Ночь. "Тополя"

Луна лишь одна...

Набегающий поток воздуха ласкает лицо, но от жары не спасает.

Уж такой здесь, на Дзете-шесть, климат. За полгода я к нему не привык.

Пот лезет в глаза, капает с носа и затекает в рот. Белый бетон искрится, будто поле, засеянное семенами солнца. Фуллеритовый руль лишь слегка нагрелся, а вот местным, на их металлических драндулетах, конечно, не сладко. Однажды, когда Облако подбила меня забраться на разрядник, я даже обжёгся, перекидывая через забор её велик.

Облако...

Девчонка с обманчивой внешностью хрупкой снежинки. Видно, родители, подарив ей это мирное, мягкое имя, надеялись избежать надвигающихся на них катастроф. Ведь на деле, она — Молния, Буря, Гроза.

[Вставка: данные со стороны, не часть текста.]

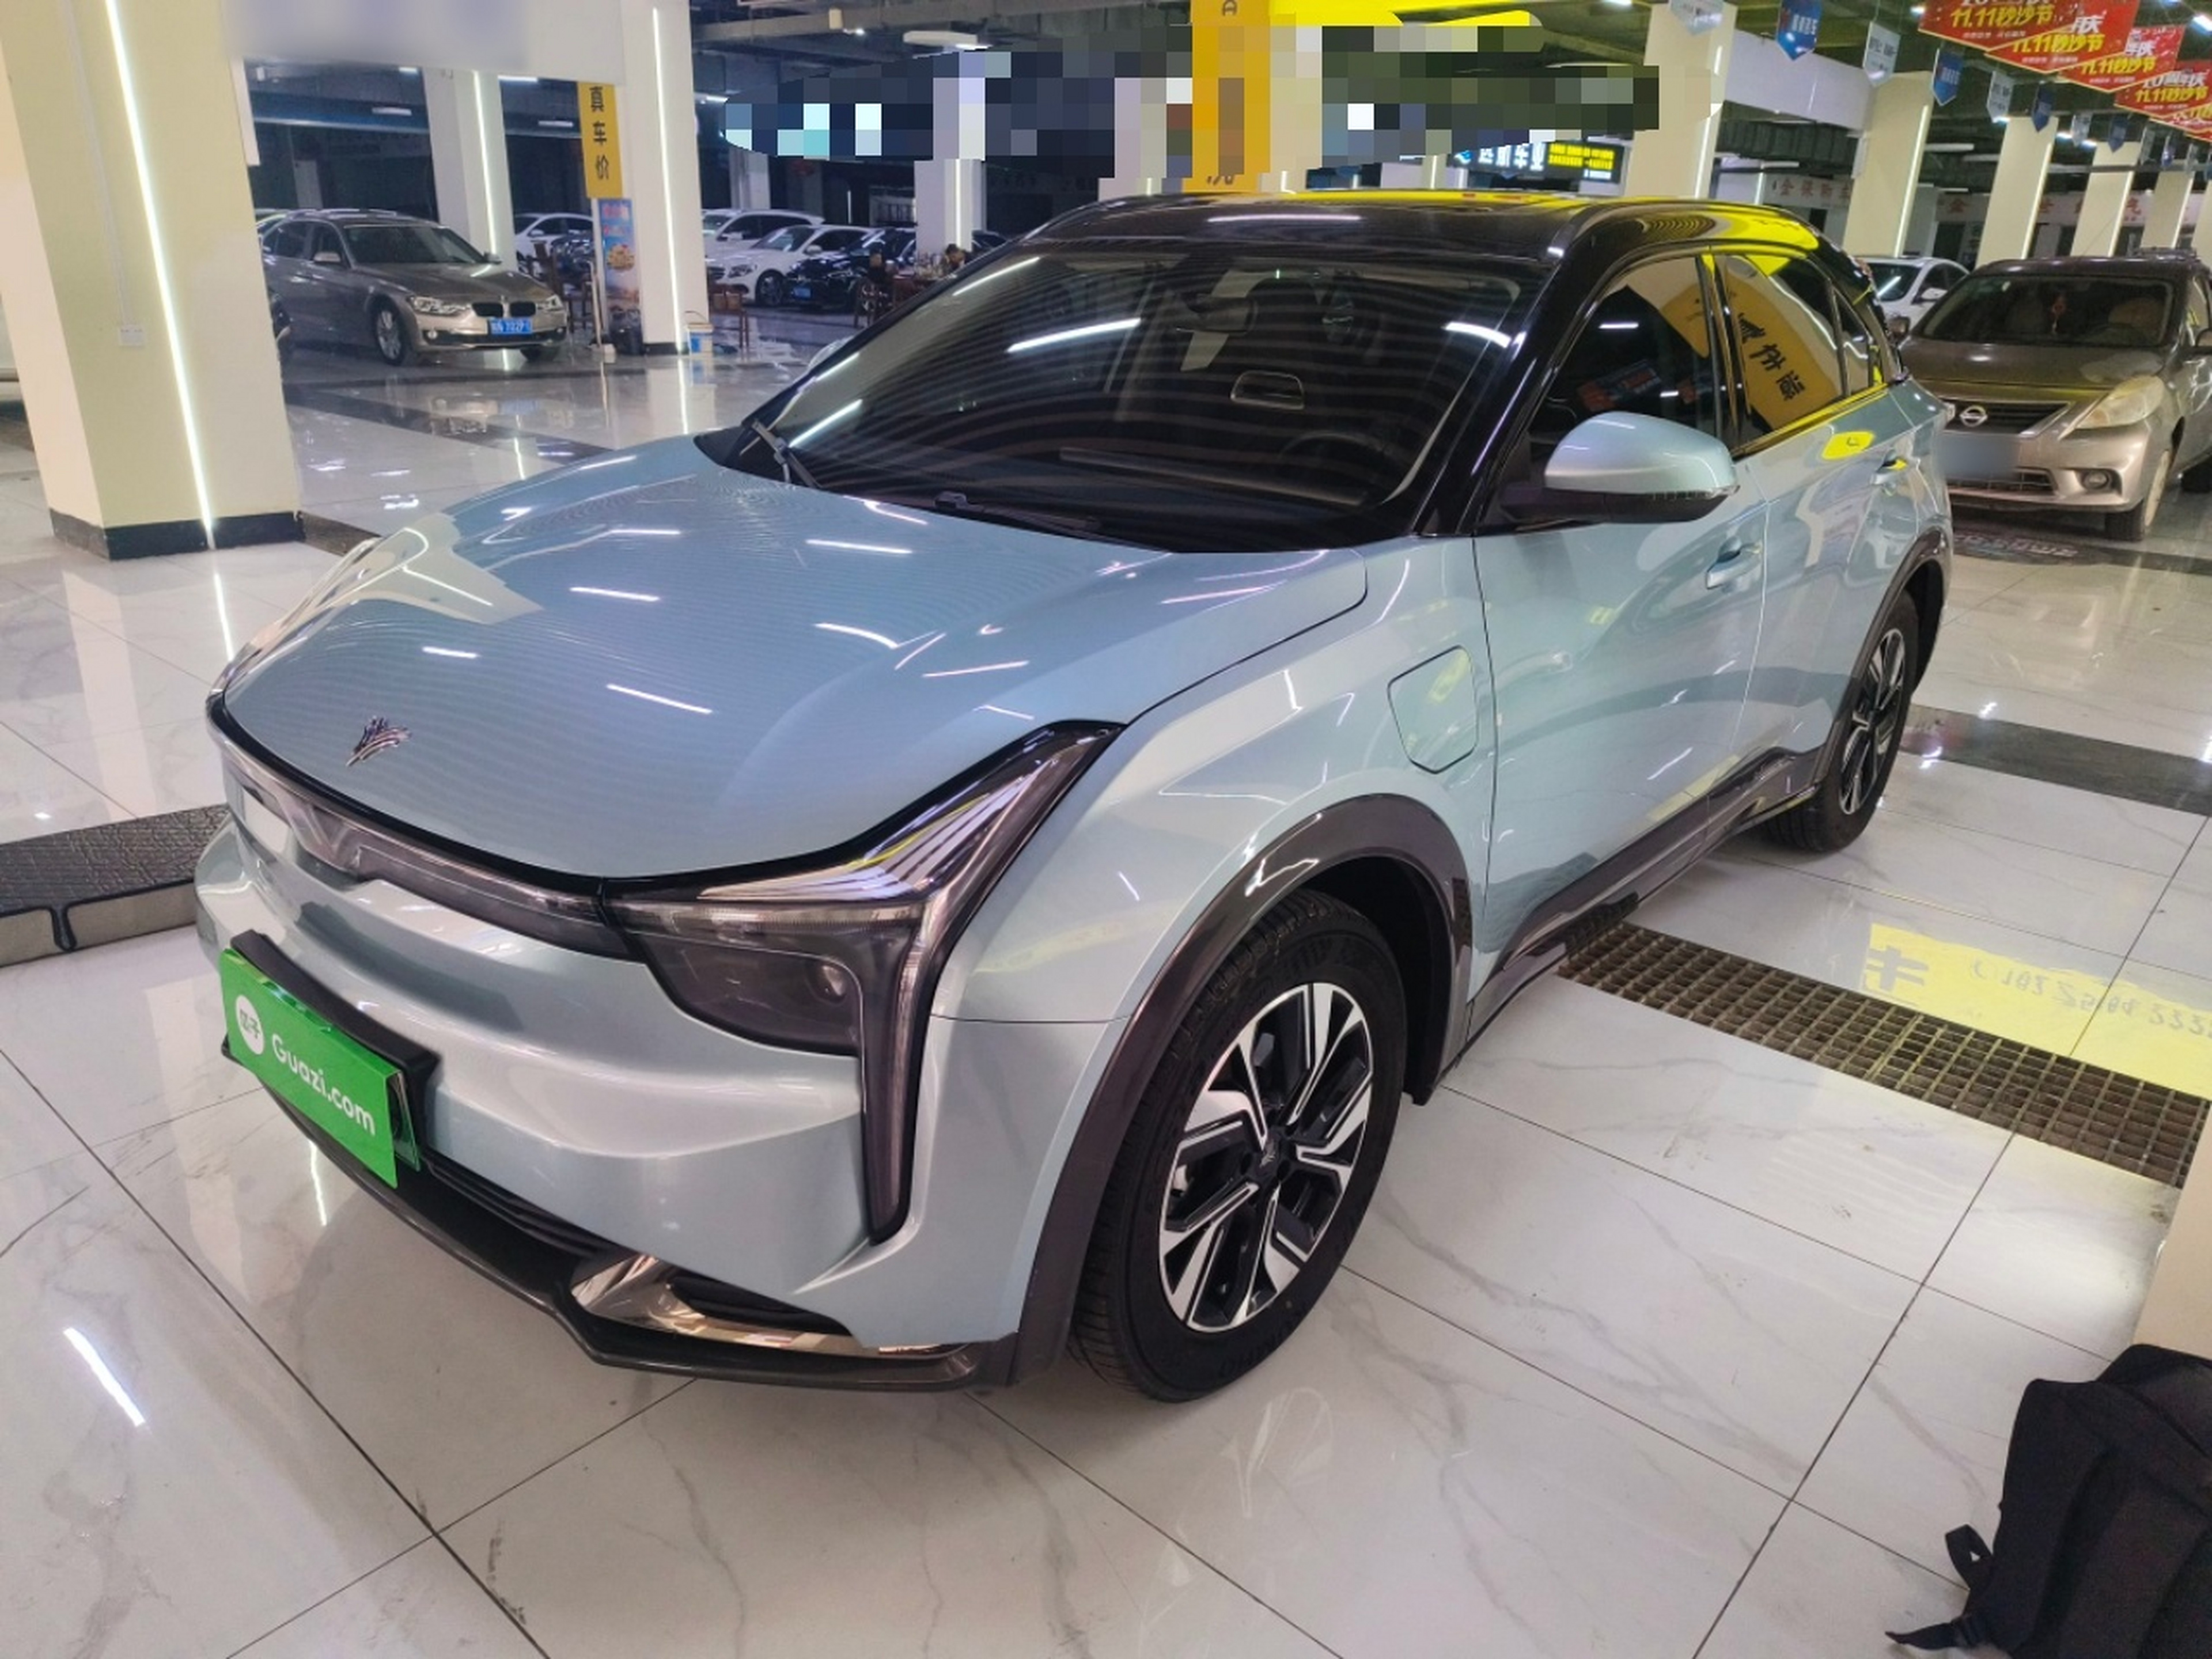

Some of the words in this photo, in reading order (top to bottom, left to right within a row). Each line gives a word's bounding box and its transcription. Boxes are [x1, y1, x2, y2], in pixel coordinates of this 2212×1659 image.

[589, 86, 610, 180] 真车价
[271, 1034, 376, 1137] Guazi.com

Неуловимая Молния. Гроза мальчишек и доставляющая взрослым одни неприятности Буря.

Без неё, я бы совсем здесь пропал. Инопланетник, сувенир, упавший на потеху озлобленным местным с недостижимых для них волшебных небес. Разъезжающий на дорогущем чёрном велике-шестьсотгаммовке, который нельзя отобрать из-за дактилоскопической блокировки.

Облако — классная, и заводила. Да здешние разве поймут! Никто не станет подчиняться девчонке. Конечно, за исключением конченых неудачников: несуразно большого, неповоротливого увальня по прозвищу Камень, Стебелька — белокожего, голубоглазого неженки, и меня — чужака, носящего странное имя Кирилл.

Не повезло девчонке с планетой, с родителями и одноклассниками... А ещё говорят, мир полон гармонии! Если даже я таю под здешними лучами, каково приходится ей?

Облако не может долго на солнце, она ведь немножко ещё и Луна.

Альбинос.

До знакомства со мной, она редко ходила гулять. Обычно только зимой. Я поговорил с папой, и он принёс крем, целую упаковку. Но и он не особенно помогает, а впереди — самый зной.

К счастью, мучиться от летней жары Облаку не придётся — испытания скоро закончатся, отца переведут на другую планету, и...

И, у меня есть план...

Шины, перекачанные, чтобы увеличить накат, гудят. Сотрутся быстрее, но ничего. Сейчас главное — скорость! Изредка покрышка упруго звенит, и в сторону отлетает камушек.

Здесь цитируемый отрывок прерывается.